§ **Directions**: Quote the listing below in its entirety.
——
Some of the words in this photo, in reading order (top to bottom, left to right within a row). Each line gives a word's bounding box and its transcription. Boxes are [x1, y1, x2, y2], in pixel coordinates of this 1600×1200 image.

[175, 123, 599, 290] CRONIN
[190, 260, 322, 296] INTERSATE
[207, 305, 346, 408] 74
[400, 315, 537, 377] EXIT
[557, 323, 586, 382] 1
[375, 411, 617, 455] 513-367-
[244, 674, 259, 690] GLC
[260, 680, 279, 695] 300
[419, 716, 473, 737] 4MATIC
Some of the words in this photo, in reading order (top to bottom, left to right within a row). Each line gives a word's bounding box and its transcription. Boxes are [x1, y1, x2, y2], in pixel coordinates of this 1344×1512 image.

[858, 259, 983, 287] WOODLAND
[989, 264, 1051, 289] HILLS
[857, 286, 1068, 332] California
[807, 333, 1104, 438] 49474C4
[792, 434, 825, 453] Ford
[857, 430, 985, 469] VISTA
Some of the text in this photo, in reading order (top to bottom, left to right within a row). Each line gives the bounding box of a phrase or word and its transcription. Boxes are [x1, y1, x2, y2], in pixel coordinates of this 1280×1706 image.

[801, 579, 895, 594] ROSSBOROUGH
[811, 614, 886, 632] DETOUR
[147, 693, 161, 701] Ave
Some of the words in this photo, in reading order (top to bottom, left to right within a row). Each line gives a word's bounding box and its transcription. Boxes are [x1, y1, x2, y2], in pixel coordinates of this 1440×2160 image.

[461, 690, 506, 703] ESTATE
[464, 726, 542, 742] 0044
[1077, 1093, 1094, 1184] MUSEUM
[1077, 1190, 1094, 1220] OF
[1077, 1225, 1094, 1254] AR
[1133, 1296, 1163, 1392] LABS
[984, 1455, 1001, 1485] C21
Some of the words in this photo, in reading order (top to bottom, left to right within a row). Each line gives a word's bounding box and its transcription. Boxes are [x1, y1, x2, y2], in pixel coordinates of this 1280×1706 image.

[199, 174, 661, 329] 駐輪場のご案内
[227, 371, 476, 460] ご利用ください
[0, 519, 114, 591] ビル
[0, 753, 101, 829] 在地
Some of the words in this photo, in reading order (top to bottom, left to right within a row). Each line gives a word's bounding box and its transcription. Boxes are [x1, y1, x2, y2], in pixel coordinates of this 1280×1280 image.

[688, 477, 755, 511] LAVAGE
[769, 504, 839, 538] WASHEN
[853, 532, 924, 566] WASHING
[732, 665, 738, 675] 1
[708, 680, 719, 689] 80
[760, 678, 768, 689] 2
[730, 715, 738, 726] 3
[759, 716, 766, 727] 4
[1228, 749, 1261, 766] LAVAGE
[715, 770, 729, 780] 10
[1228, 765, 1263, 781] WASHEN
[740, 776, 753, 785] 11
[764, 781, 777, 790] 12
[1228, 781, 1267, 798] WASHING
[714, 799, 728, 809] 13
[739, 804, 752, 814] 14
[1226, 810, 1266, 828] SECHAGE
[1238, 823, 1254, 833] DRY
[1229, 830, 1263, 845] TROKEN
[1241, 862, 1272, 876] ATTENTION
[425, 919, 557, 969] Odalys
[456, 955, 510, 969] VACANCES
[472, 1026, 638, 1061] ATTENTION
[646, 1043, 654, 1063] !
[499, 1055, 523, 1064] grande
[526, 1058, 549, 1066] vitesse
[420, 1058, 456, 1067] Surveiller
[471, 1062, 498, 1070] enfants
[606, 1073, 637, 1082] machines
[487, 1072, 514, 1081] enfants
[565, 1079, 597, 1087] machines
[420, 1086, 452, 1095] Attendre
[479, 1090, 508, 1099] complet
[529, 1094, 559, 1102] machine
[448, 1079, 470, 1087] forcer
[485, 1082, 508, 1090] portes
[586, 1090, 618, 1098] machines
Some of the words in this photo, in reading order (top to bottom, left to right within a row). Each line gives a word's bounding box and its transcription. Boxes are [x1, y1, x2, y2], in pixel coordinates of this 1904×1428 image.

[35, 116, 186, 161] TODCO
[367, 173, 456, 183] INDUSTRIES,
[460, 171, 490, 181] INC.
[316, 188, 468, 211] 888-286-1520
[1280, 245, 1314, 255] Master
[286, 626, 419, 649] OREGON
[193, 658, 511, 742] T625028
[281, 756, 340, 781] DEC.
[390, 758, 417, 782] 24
——
§ **Answer box**:
Some of the words in this photo, in reading order (top to bottom, left to right within a row). Each line gives a word's bounding box and its transcription. Boxes are [x1, y1, x2, y2], in pixel coordinates of this 1600×1200 image.

[175, 123, 599, 290] CRONIN
[190, 260, 322, 296] INTERSATE
[207, 305, 346, 408] 74
[400, 315, 537, 377] EXIT
[557, 323, 586, 382] 1
[375, 411, 617, 455] 513-367-
[244, 674, 259, 690] GLC
[260, 680, 279, 695] 300
[419, 716, 473, 737] 4MATIC
Some of the words in this photo, in reading order (top to bottom, left to right within a row). Each line gives a word's bounding box and its transcription. Boxes are [x1, y1, x2, y2], in pixel coordinates of this 1344×1512 image.

[858, 259, 983, 287] WOODLAND
[989, 264, 1051, 289] HILLS
[857, 286, 1068, 332] California
[807, 333, 1104, 438] 49474C4
[792, 434, 825, 453] Ford
[857, 430, 985, 469] VISTA
Some of the text in this photo, in reading order (top to bottom, left to right within a row). Each line gives the bounding box of a phrase or word and its transcription. Boxes are [x1, y1, x2, y2], in pixel coordinates of this 1280×1706 image.

[801, 579, 895, 594] ROSSBOROUGH
[811, 614, 886, 632] DETOUR
[147, 693, 161, 701] Ave
Some of the words in this photo, in reading order (top to bottom, left to right within a row). Each line gives a word's bounding box and its transcription. Boxes are [x1, y1, x2, y2], in pixel coordinates of this 1440×2160 image.

[461, 690, 506, 703] ESTATE
[464, 726, 542, 742] 0044
[1077, 1093, 1094, 1184] MUSEUM
[1077, 1190, 1094, 1220] OF
[1077, 1225, 1094, 1254] AR
[1133, 1296, 1163, 1392] LABS
[984, 1455, 1001, 1485] C21
Some of the words in this photo, in reading order (top to bottom, left to right within a row). Each line gives a word's bounding box and its transcription. Boxes are [x1, y1, x2, y2], in pixel coordinates of this 1280×1706 image.

[199, 174, 661, 329] 駐輪場のご案内
[227, 371, 476, 460] ご利用ください
[0, 519, 114, 591] ビル
[0, 753, 101, 829] 在地
Some of the words in this photo, in reading order (top to bottom, left to right within a row). Each line gives a word's bounding box and its transcription. Boxes are [x1, y1, x2, y2], in pixel coordinates of this 1280×1280 image.

[688, 477, 755, 511] LAVAGE
[769, 504, 839, 538] WASHEN
[853, 532, 924, 566] WASHING
[732, 665, 738, 675] 1
[708, 680, 719, 689] 80
[760, 678, 768, 689] 2
[730, 715, 738, 726] 3
[759, 716, 766, 727] 4
[1228, 749, 1261, 766] LAVAGE
[715, 770, 729, 780] 10
[1228, 765, 1263, 781] WASHEN
[740, 776, 753, 785] 11
[764, 781, 777, 790] 12
[1228, 781, 1267, 798] WASHING
[714, 799, 728, 809] 13
[739, 804, 752, 814] 14
[1226, 810, 1266, 828] SECHAGE
[1238, 823, 1254, 833] DRY
[1229, 830, 1263, 845] TROKEN
[1241, 862, 1272, 876] ATTENTION
[425, 919, 557, 969] Odalys
[456, 955, 510, 969] VACANCES
[472, 1026, 638, 1061] ATTENTION
[646, 1043, 654, 1063] !
[499, 1055, 523, 1064] grande
[526, 1058, 549, 1066] vitesse
[420, 1058, 456, 1067] Surveiller
[471, 1062, 498, 1070] enfants
[606, 1073, 637, 1082] machines
[487, 1072, 514, 1081] enfants
[565, 1079, 597, 1087] machines
[420, 1086, 452, 1095] Attendre
[479, 1090, 508, 1099] complet
[529, 1094, 559, 1102] machine
[448, 1079, 470, 1087] forcer
[485, 1082, 508, 1090] portes
[586, 1090, 618, 1098] machines
Some of the words in this photo, in reading order (top to bottom, left to right within a row). Each line gives a word's bounding box and its transcription. Boxes are [x1, y1, x2, y2], in pixel coordinates of this 1904×1428 image.

[35, 116, 186, 161] TODCO
[367, 173, 456, 183] INDUSTRIES,
[460, 171, 490, 181] INC.
[316, 188, 468, 211] 888-286-1520
[1280, 245, 1314, 255] Master
[286, 626, 419, 649] OREGON
[193, 658, 511, 742] T625028
[281, 756, 340, 781] DEC.
[390, 758, 417, 782] 24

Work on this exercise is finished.